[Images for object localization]
+===+

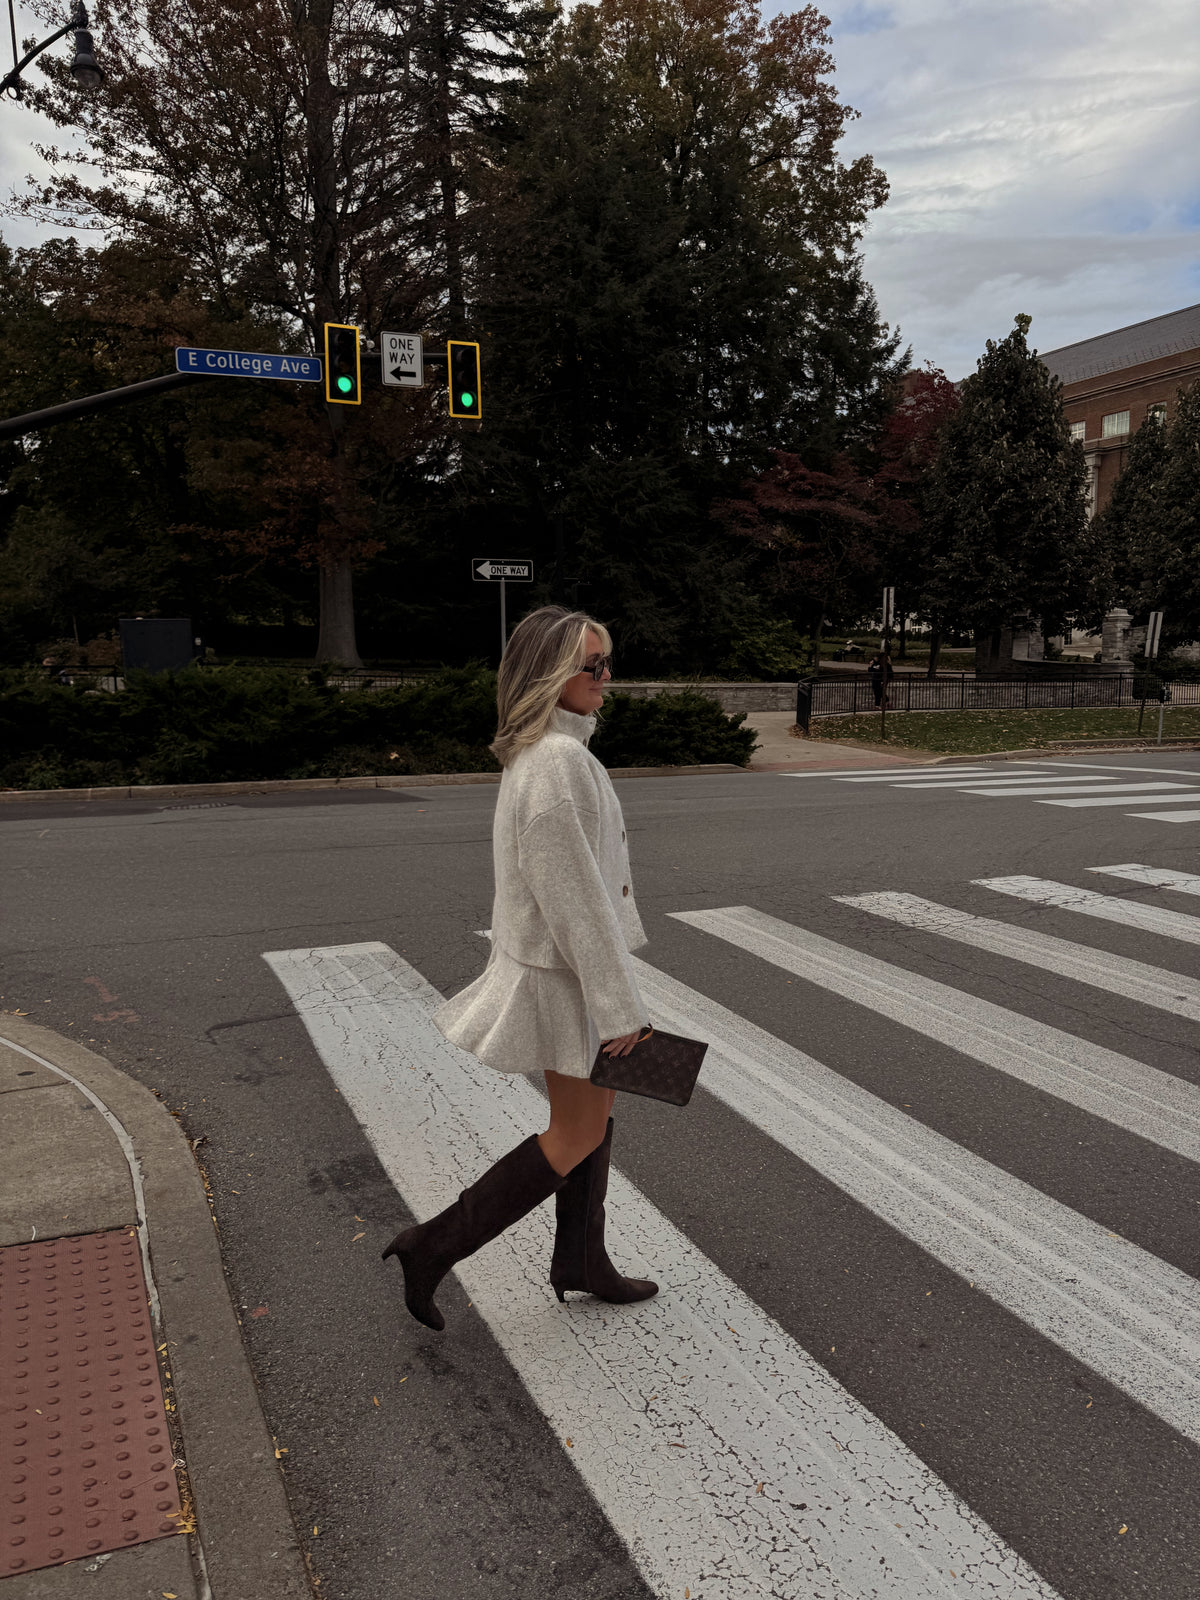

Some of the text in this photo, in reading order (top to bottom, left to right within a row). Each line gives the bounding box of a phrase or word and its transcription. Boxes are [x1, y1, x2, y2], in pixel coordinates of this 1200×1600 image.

[389, 337, 414, 351] ONE
[188, 352, 310, 374] E College Ave
[389, 351, 415, 365] WAY
[490, 566, 526, 575] ONE WAY
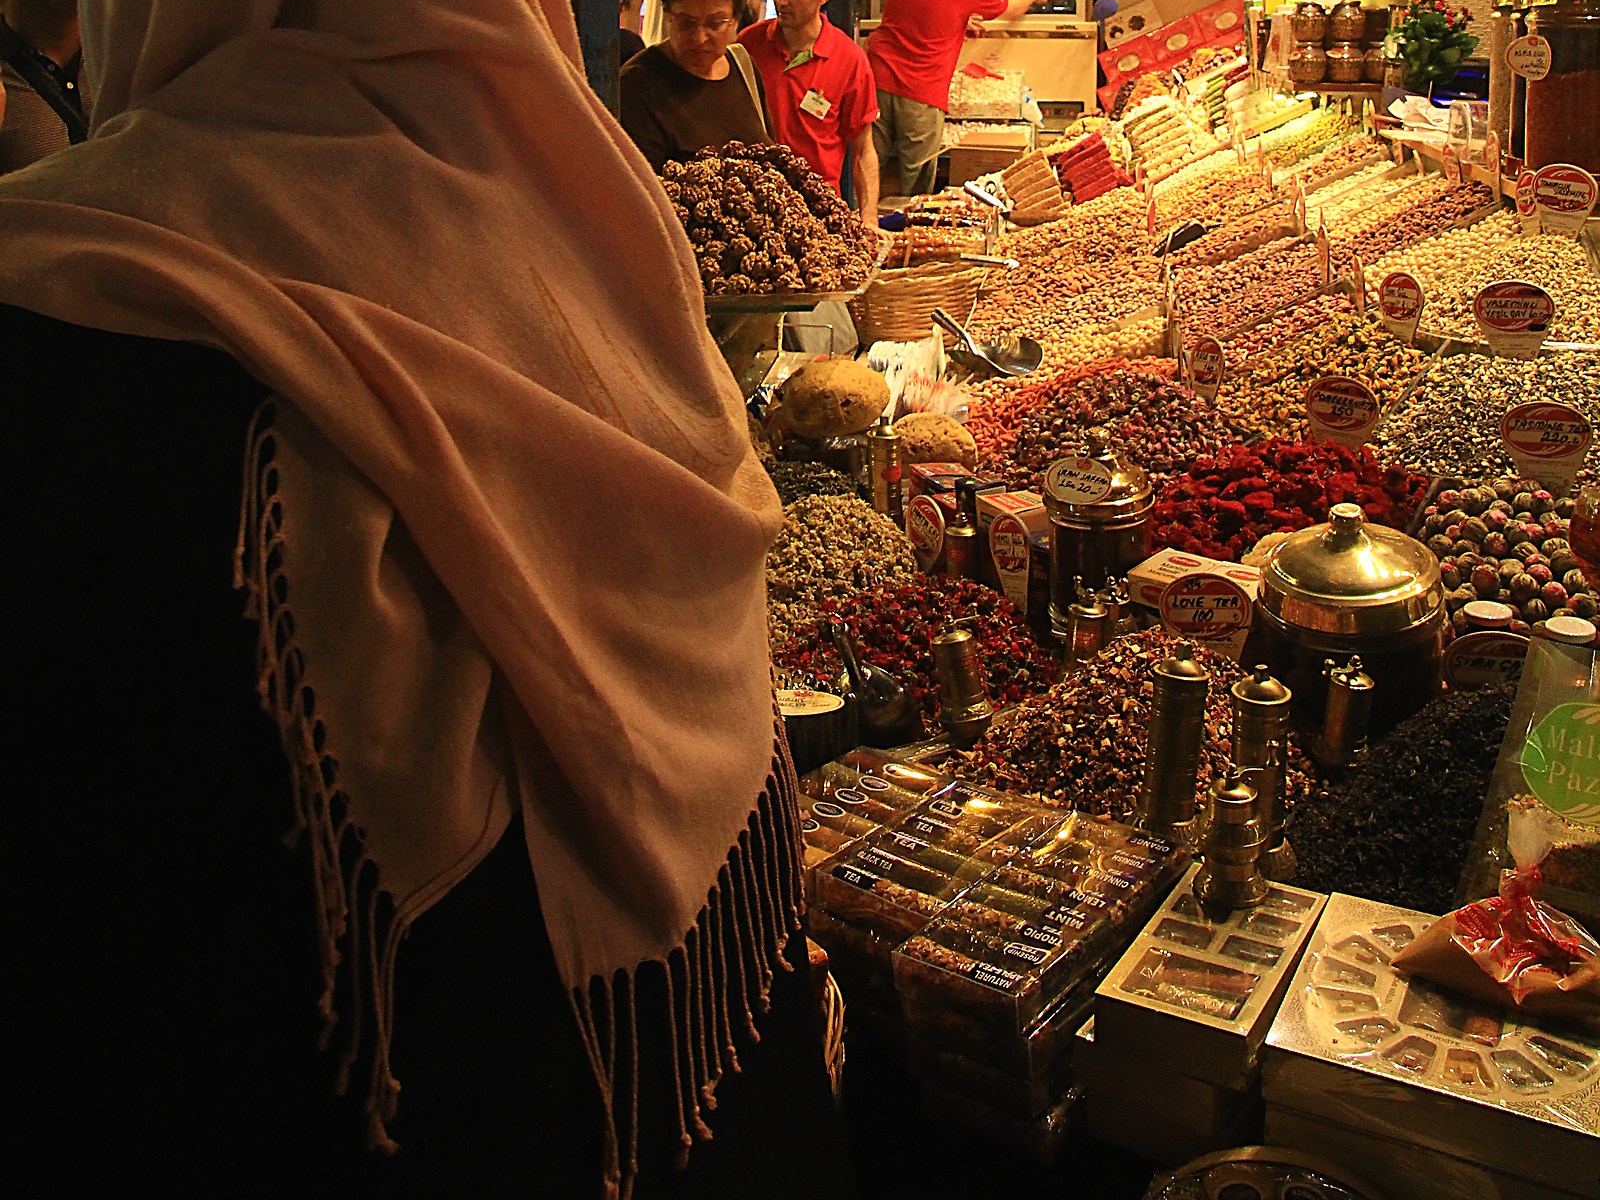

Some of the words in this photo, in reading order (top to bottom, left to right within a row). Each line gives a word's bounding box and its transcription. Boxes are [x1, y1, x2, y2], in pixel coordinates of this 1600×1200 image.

[1512, 420, 1564, 431] JASMINE
[1172, 594, 1205, 608] LOVE
[1212, 596, 1239, 608] TEA
[1192, 609, 1215, 623] 100
[1548, 725, 1600, 759] Mal
[916, 822, 934, 834] TEA
[893, 834, 917, 850] TEA
[1130, 838, 1170, 853] ORANGE
[857, 851, 880, 866] BLACK
[879, 858, 893, 871] TEA
[844, 871, 861, 884] TEA
[1069, 890, 1106, 908] LEMON
[1045, 910, 1085, 930] MINT
[1060, 905, 1087, 920] TEA
[1023, 928, 1064, 948] TROPIC
[1006, 948, 1040, 963] ROSEHIP
[974, 971, 1012, 989] NATUREL

+===+

[TASK TO CARRY OUT]
Every line above should be retyped exactly; the pictures do not belong in the copy.

[RESULT OF THIS TASK]
Some of the text in this photo, in reading order (top to bottom, left to right within a row). Each line gives the bounding box of a phrase or word and its transcription. Boxes are [x1, y1, x2, y2], in pixel coordinates of this 1200×1600 image.

[389, 337, 414, 351] ONE
[188, 352, 310, 374] E College Ave
[389, 351, 415, 365] WAY
[490, 566, 526, 575] ONE WAY

Some of the words in this photo, in reading order (top to bottom, left to right within a row). Each line gives a word's bounding box and its transcription. Boxes are [x1, y1, x2, y2], in pixel coordinates of this 1600×1200 image.

[1512, 420, 1564, 431] JASMINE
[1172, 594, 1205, 608] LOVE
[1212, 596, 1239, 608] TEA
[1192, 609, 1215, 623] 100
[1548, 725, 1600, 759] Mal
[916, 822, 934, 834] TEA
[893, 834, 917, 850] TEA
[1130, 838, 1170, 853] ORANGE
[857, 851, 880, 866] BLACK
[879, 858, 893, 871] TEA
[844, 871, 861, 884] TEA
[1069, 890, 1106, 908] LEMON
[1045, 910, 1085, 930] MINT
[1060, 905, 1087, 920] TEA
[1023, 928, 1064, 948] TROPIC
[1006, 948, 1040, 963] ROSEHIP
[974, 971, 1012, 989] NATUREL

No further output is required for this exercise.